Consultant Jen (Jyn) Elliot told commissioners the county faces substantial premium increases if it keeps the current $75,000 specific stop‑loss arrangement with Blue Cross Blue Shield. "If we move it from $75,000 . . . to $100,000 that will save us right at $300,000," she said, adding that moving to a $100,000 stop‑loss would reduce the county's renewal increase to roughly 7–8 percent rather than the roughly 15 percent projected at $75,000.

Elliot outlined two principal options: remain with Blue Cross and raise the specific stop‑loss to $100,000, or adopt an "unbundled" approach using Allied as a third‑party administrator (TPA) and join a stop‑loss captive called Everlong. She described the captive as "an arrangement that would allow you to be alongside other self‑funded employers to get a better deal on your stop‑loss," noting the captive can provide a middle layer of protection and a potential year‑end dividend if the pooled group performs well.

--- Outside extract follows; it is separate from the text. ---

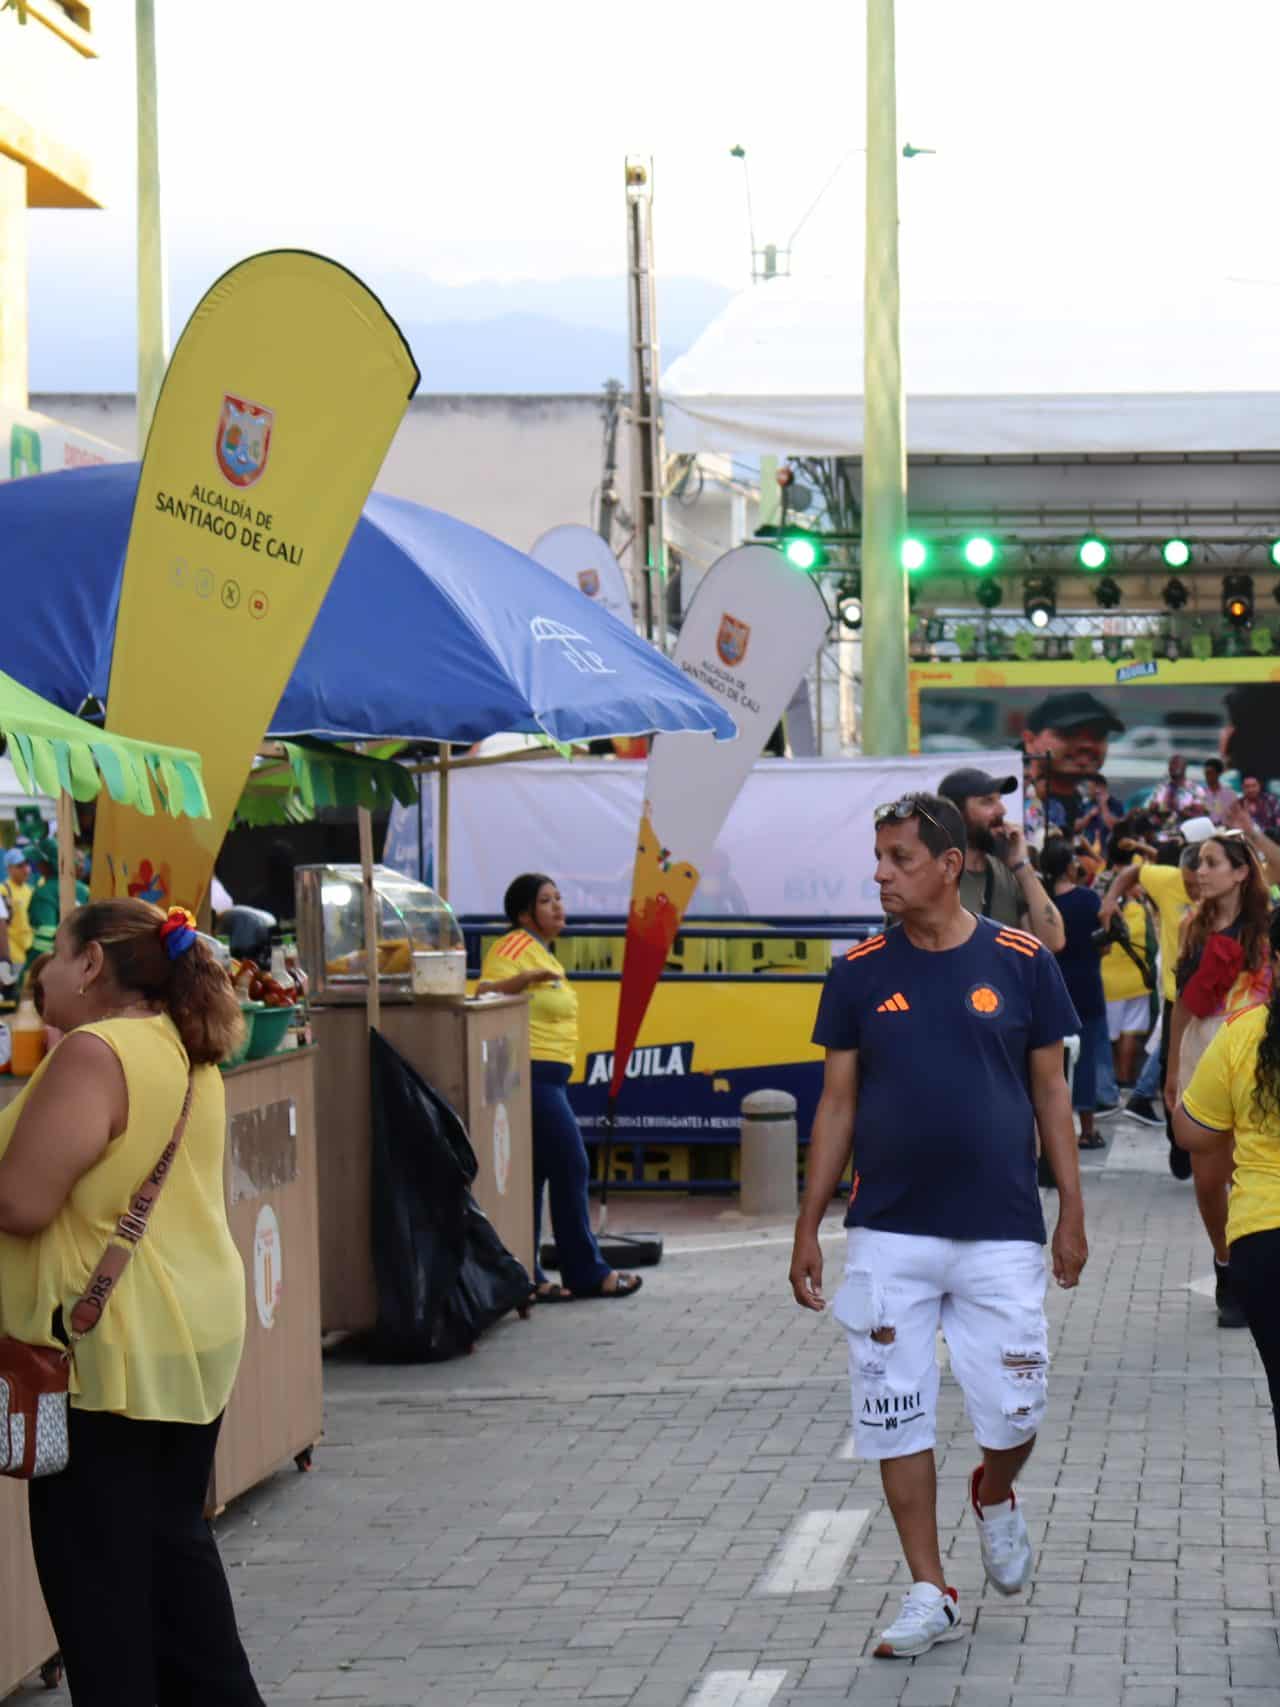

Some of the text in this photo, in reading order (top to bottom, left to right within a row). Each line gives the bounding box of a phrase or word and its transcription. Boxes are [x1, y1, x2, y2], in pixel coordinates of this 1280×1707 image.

The consultant emphasized the county's recent high claims history — several single claims in the $150,000–$300,000 range — as the driver behind the recommendation to raise the stop‑loss threshold. "Last year there were about eight people that went over $75,000," she said, and moving the threshold would smooth volatility while cutting stop‑loss premium costs.

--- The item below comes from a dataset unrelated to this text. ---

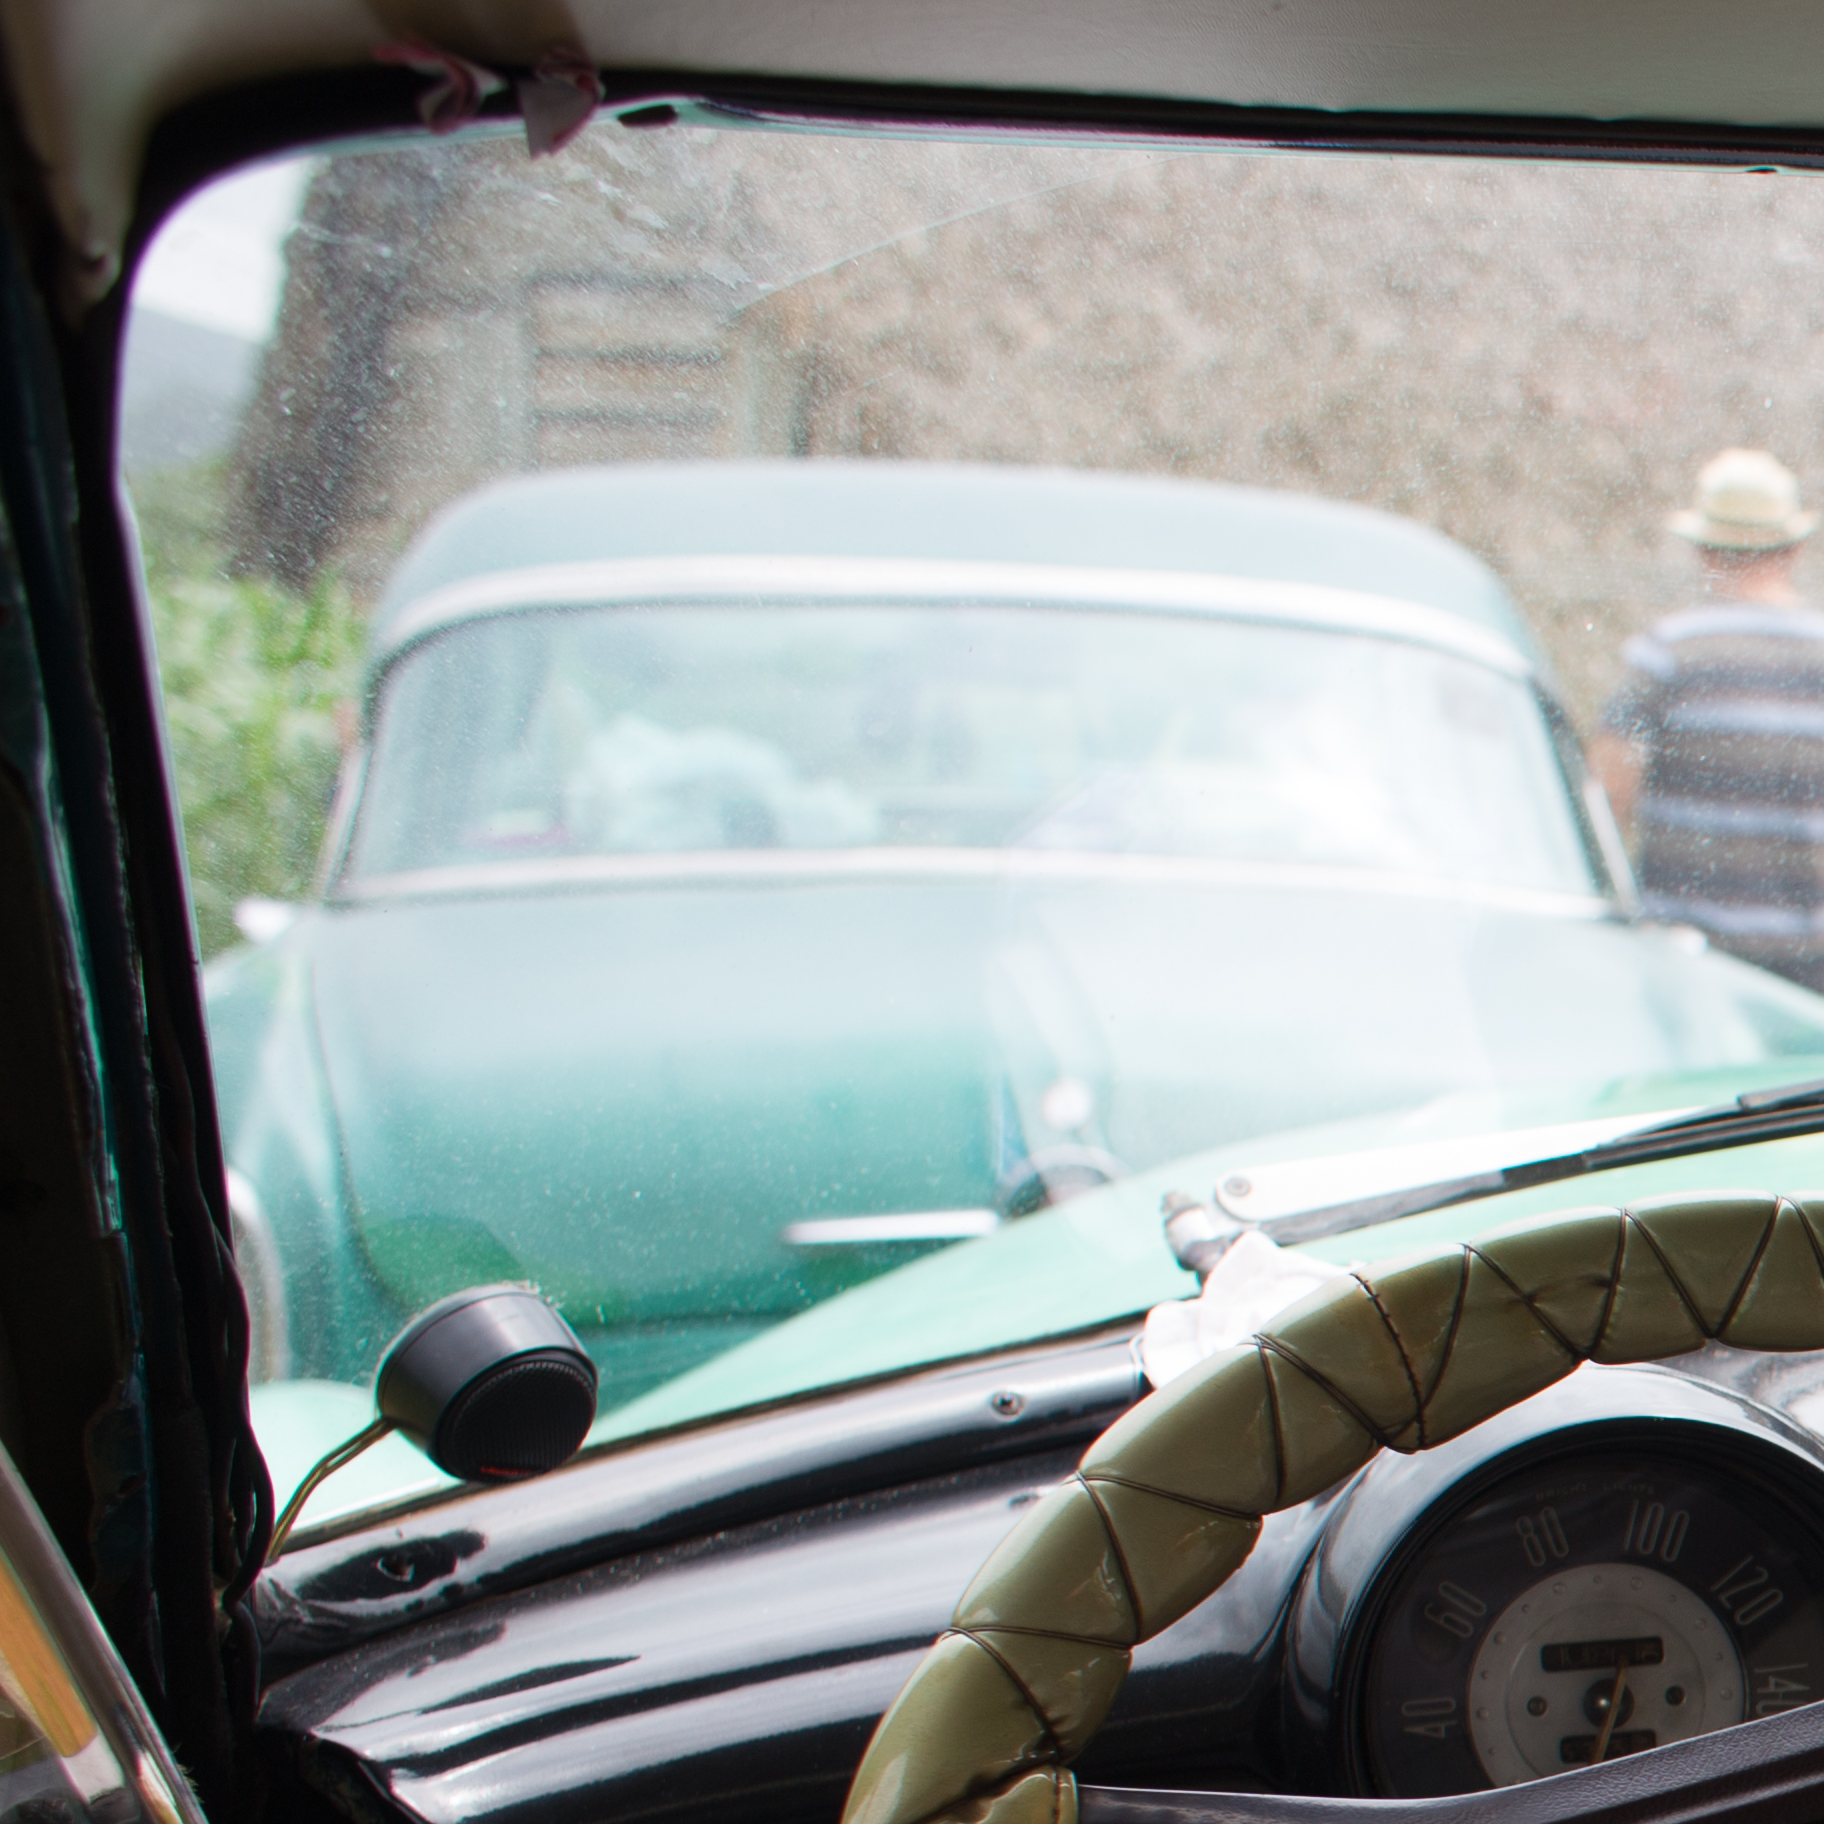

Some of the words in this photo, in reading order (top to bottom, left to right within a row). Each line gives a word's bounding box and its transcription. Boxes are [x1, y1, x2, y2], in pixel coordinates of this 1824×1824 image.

Commissioners asked about the employee impact and whether the county would absorb the increase. Staff said a decision on employee contribution levels is pending; Elliot agreed to provide estimated employee cost‑share numbers for single, spouse, and family plans ahead of a Monday meeting when the board will further review options.

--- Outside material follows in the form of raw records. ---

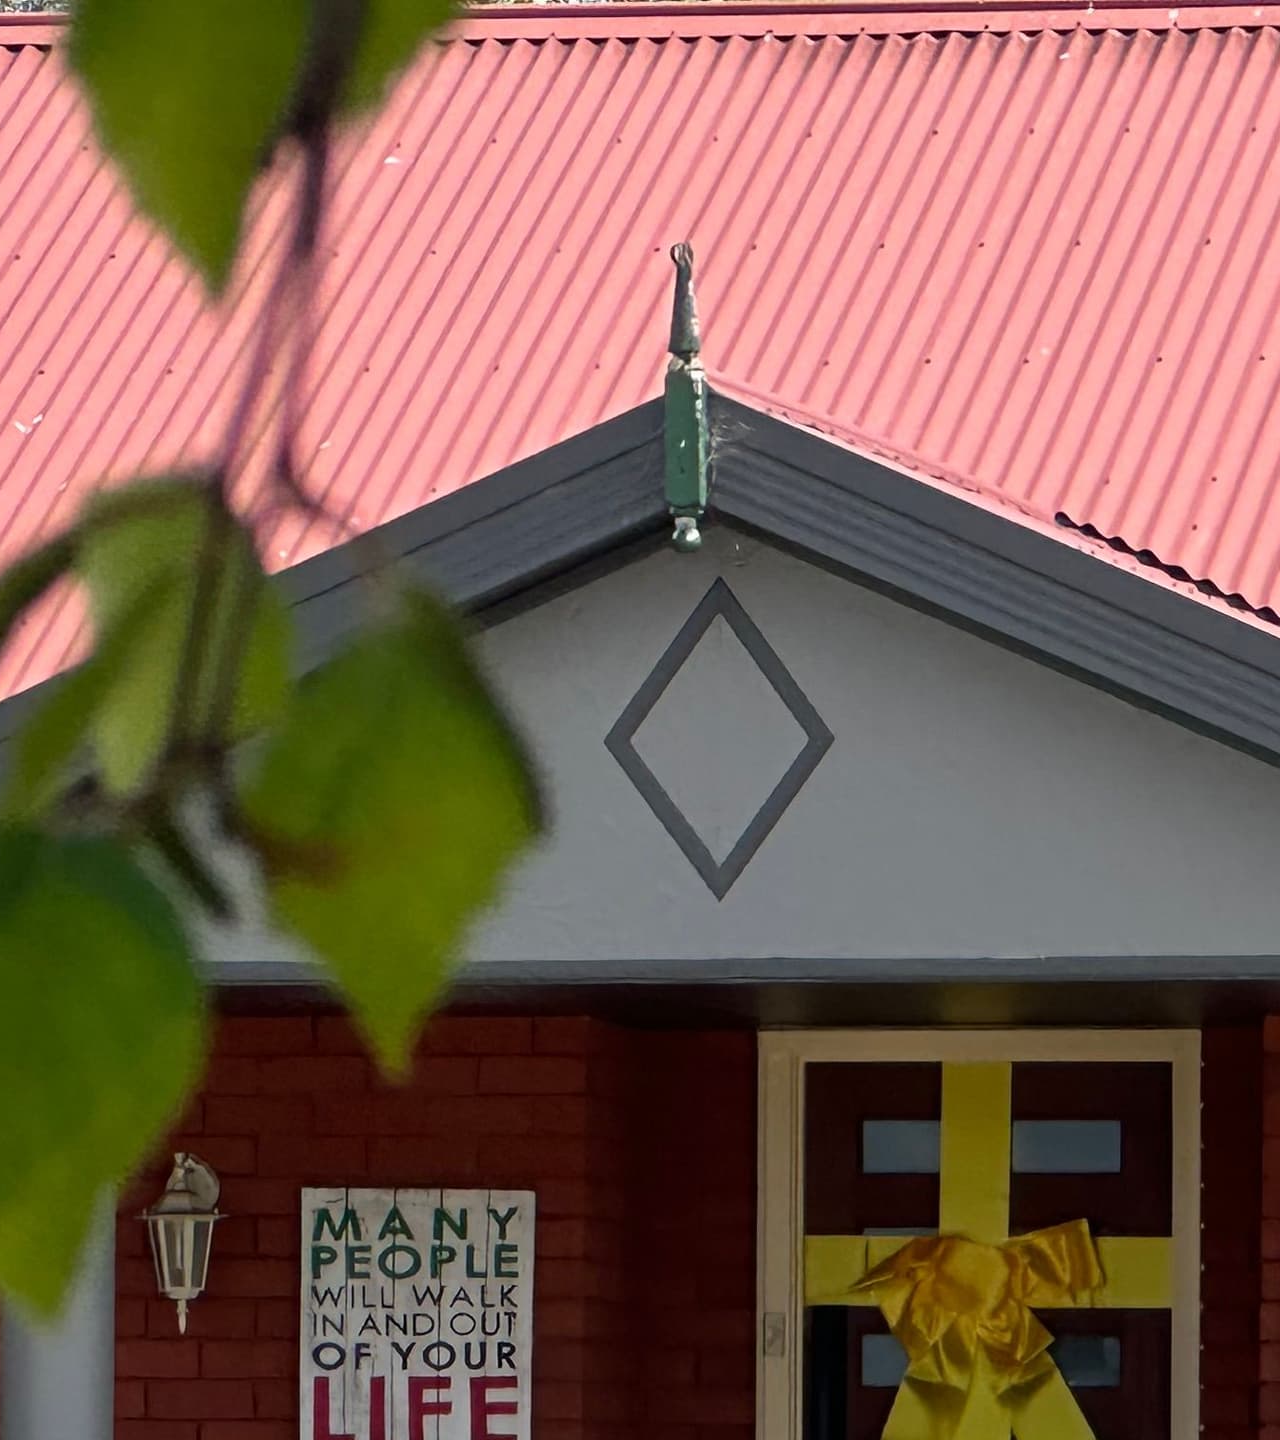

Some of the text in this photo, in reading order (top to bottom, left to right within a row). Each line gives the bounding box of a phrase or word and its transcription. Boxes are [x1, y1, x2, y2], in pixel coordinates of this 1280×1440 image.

[312, 1206, 518, 1241] MANY
[311, 1244, 519, 1279] PEOPLE
[311, 1284, 518, 1308] WILL WALK
[312, 1312, 517, 1337] IN AND OUT
[312, 1341, 517, 1371] OF YOUR

County staff described the Allied/Everlong proposal’s additional cost‑containment tools — including an "Advocate" program that negotiates large outpatient and inpatient claims closer to Medicare rates and manufacturer assistance strategies for specialty pharmacy — and said those measures could materially reduce outlays over time. "You would get 100% of your rebates with an unbundled, self‑funded approach," staff said, projecting conservative pharmacy savings of $100,000–$150,000.

No final decision was made at the meeting. Commissioners were asked to select a direction before open enrollment, and staff will return with detailed employee cost scenarios and insurance‑coverage confirmations.

The presentation and documents provided the board with comparative renewal figures, stop‑loss scenarios and examples of large claims from the county’s recent plan years. A formal action on a chosen plan was not taken at the June 8 session; the board will revisit the item at its next meeting prior to open enrollment.